Abbott privately met with Floyd's family in Houston last summer. He said at the time he was committed to working with them to “ensure we never have anything like this ever occur in the state of Texas.”

Shareeduh Tate, Floyd's cousin, said the family had been in contact with the governor since the memorial service last June though not about the bill in particular. “We have an understanding that he is committed to doing things that will bring about positive change," she said.

When it comes to law enforcement, Abbott has made clear his top priority this year is preserving funding levels for police departments, echoing Republicans who have seized on calls by some activists and progressives to “defund the police” to argue that supporters were intent on slashing police force budgets. Supporters of the movement to “defund the police” say they actually want the government to spend more on housing and education than policing.

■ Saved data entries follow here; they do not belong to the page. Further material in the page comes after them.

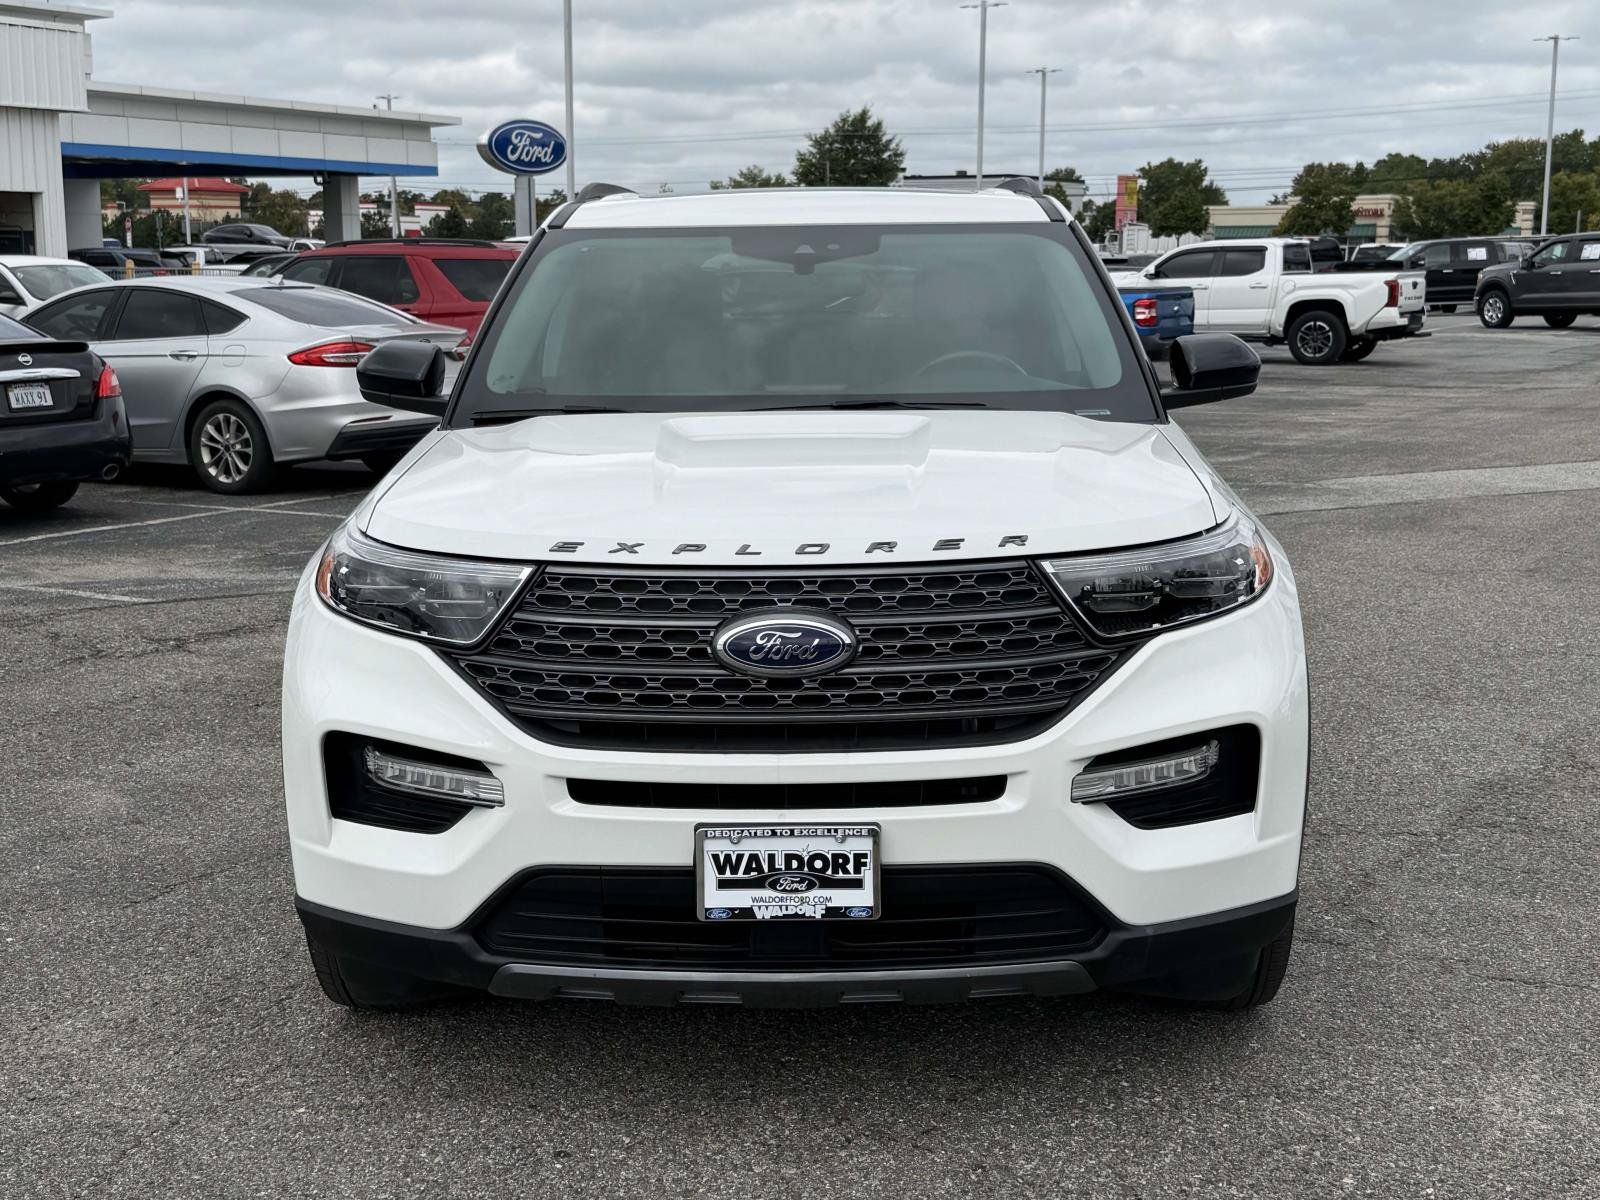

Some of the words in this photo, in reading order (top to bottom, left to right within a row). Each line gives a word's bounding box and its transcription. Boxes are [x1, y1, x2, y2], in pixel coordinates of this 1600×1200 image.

[507, 129, 555, 163] Ford
[548, 534, 1029, 555] EXPLORER
[748, 630, 820, 661] Ford
[707, 829, 772, 838] DEDICATED
[774, 828, 791, 836] TO
[793, 827, 870, 837] EXCELLENCE
[709, 850, 870, 877] WALDORF
[775, 877, 809, 891] Ford
[751, 895, 832, 904] WALDORFFORD.COM
[710, 908, 730, 918] Ford
[850, 907, 870, 917] Ford

Earlier this month in Congress, House Democrats passed the most ambitious effort in decades to overhaul policing nationwide under the George Floyd Justice in Policing Act. Like the legislation in Texas, the bill would ban chokeholds and address so-called qualified immunity that shields law enforcement from certain lawsuits. It would also create national standards for policing in a bid to bolster accountability.

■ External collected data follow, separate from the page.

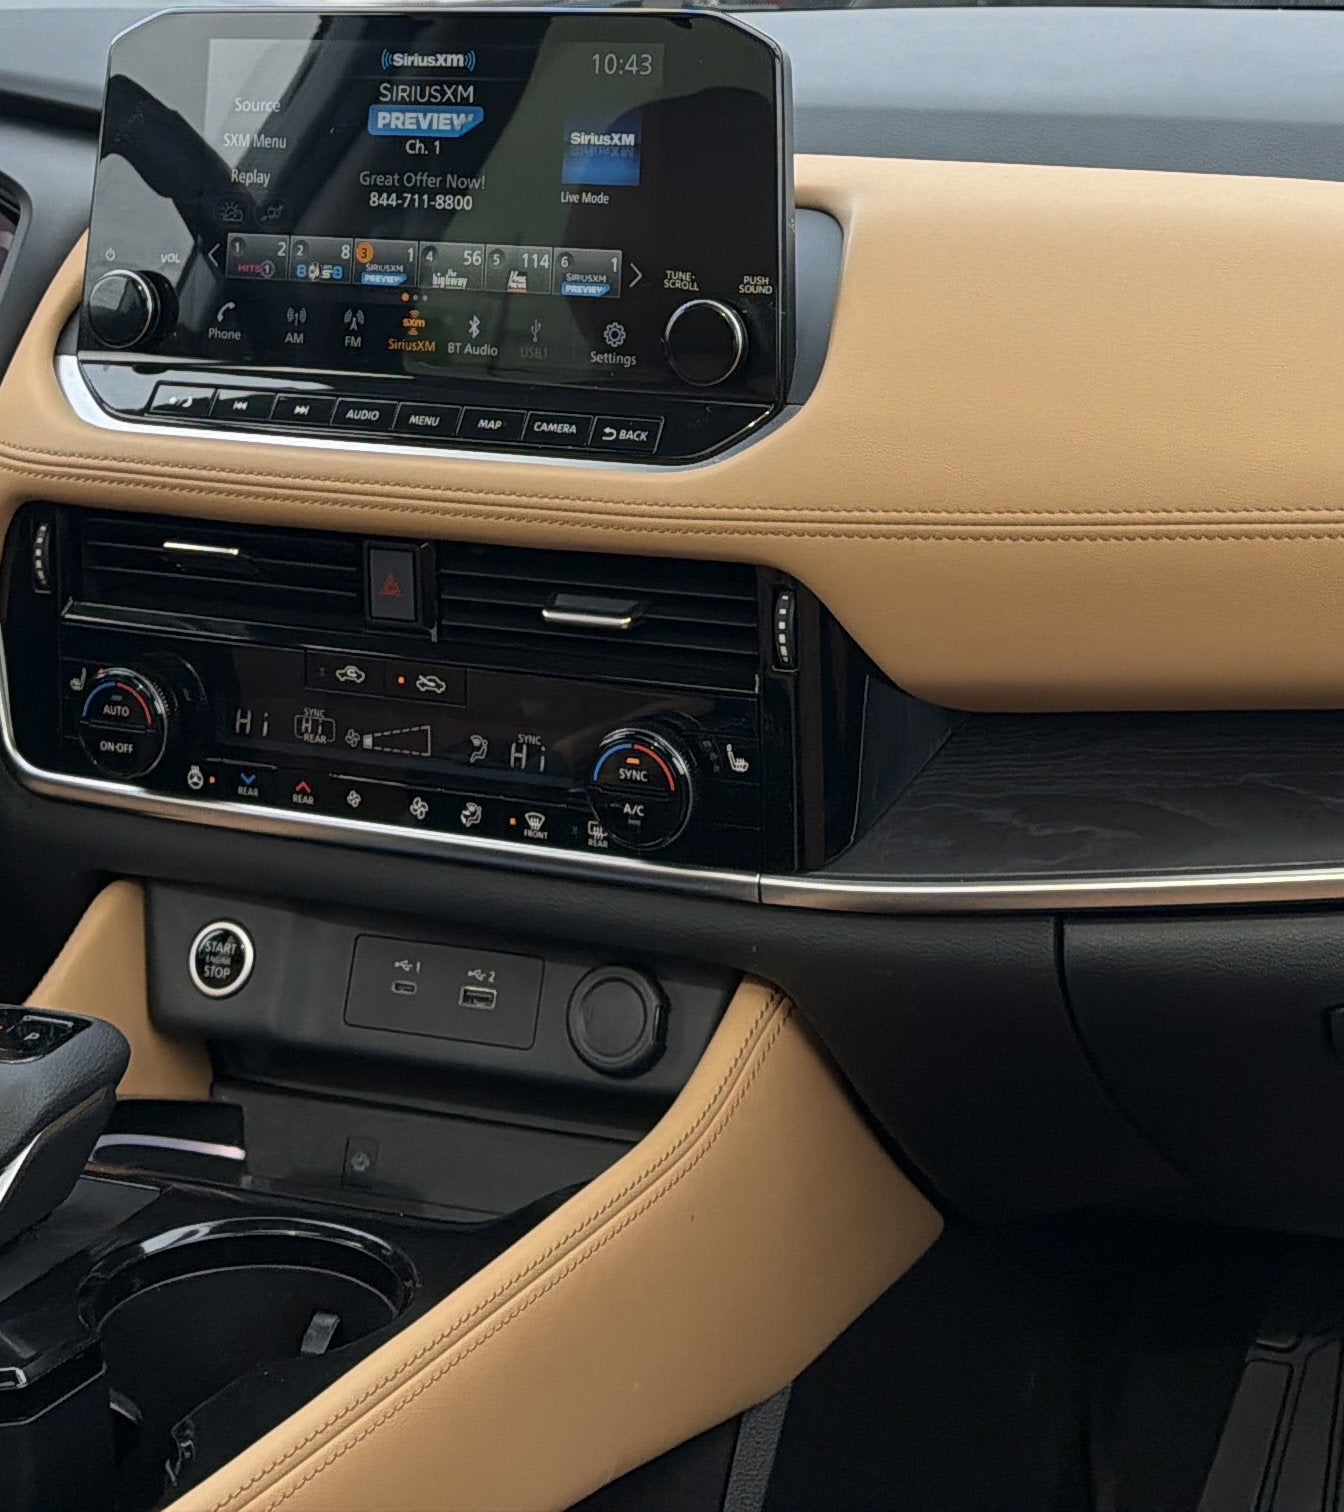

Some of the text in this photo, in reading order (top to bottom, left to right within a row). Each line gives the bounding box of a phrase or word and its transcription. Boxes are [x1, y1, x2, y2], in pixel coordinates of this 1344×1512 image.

[592, 53, 652, 75] 10:43
[379, 83, 474, 103] SIRIUSXM
[234, 97, 281, 113] Source
[377, 111, 474, 130] PREVIEW
[223, 132, 287, 149] SXM Menu
[570, 131, 635, 146] SiriusXM
[406, 139, 440, 155] Ch. 1
[231, 168, 271, 187] Replay
[359, 171, 486, 189] Great Offer Now!
[369, 191, 473, 211] 844-711-8800
[560, 191, 609, 204] Live Mode
[234, 241, 286, 257] 1 2
[296, 244, 351, 260] 2 8
[361, 247, 414, 262] 3 1
[160, 253, 181, 263] VOL
[425, 250, 482, 266] 4 56
[493, 253, 550, 269] 5 114
[560, 255, 618, 272] 6 1
[663, 279, 700, 291] SCROLL
[743, 275, 770, 285] PUSH
[739, 284, 773, 294] SOUND
[402, 317, 426, 328] sxm
[208, 327, 242, 341] Phone
[285, 332, 304, 344] AM
[344, 335, 362, 348] FM
[388, 338, 436, 352] SiriusXM
[447, 342, 499, 356] BT Audio
[590, 350, 637, 368] Settings
[346, 408, 380, 421] AUDIO
[408, 415, 440, 427] MENU
[477, 418, 503, 430] MAP
[533, 421, 577, 434] CAMERA
[618, 429, 649, 442] BACK
[102, 704, 130, 717] AUTO
[303, 707, 326, 718] SYNC
[303, 733, 327, 744] REAR
[517, 734, 542, 745] SYNC
[618, 767, 648, 782] SYNC
[237, 785, 259, 797] REAR
[292, 793, 314, 805] REAR
[623, 803, 645, 817] A/C
[523, 828, 549, 840] FRONT
[587, 838, 609, 848] REAR
[205, 940, 237, 955] START
[204, 965, 231, 979] STOP
[416, 961, 421, 973] 1
[488, 970, 496, 982] 2
[24, 1032, 41, 1040] P

Democrats now control both chambers of Congress, but it seems unlikely the bill could pass the Senate without substantial changes to win GOP support. In Texas, Reynolds acknowledged that changes are likely coming to their legislation in order to win bipartisan support in the GOP-controlled statehouse.

Republican Rep. James White, who chairs the House Committee on Homeland Security and Public Safety, would only say he supports “constitutional policing” when asked whether he backs any elements of the bill. He quickly added that measures need to support law enforcement.

“Without law enforcement, our laws aren't worth the ink or the paper that's being used to convey them to the public," he said.

Four years ago, Abbott signed the Sandra Bland Act named after a black woman found dead in a Texas jail in 2015 following a confrontational traffic stop with a white state trooper. The compromise that reached his desk added de-escalation training and independent investigations of county jail deaths, but the end product disappointed Bland’s family, who felt it didn’t address the circumstances leading up to her death.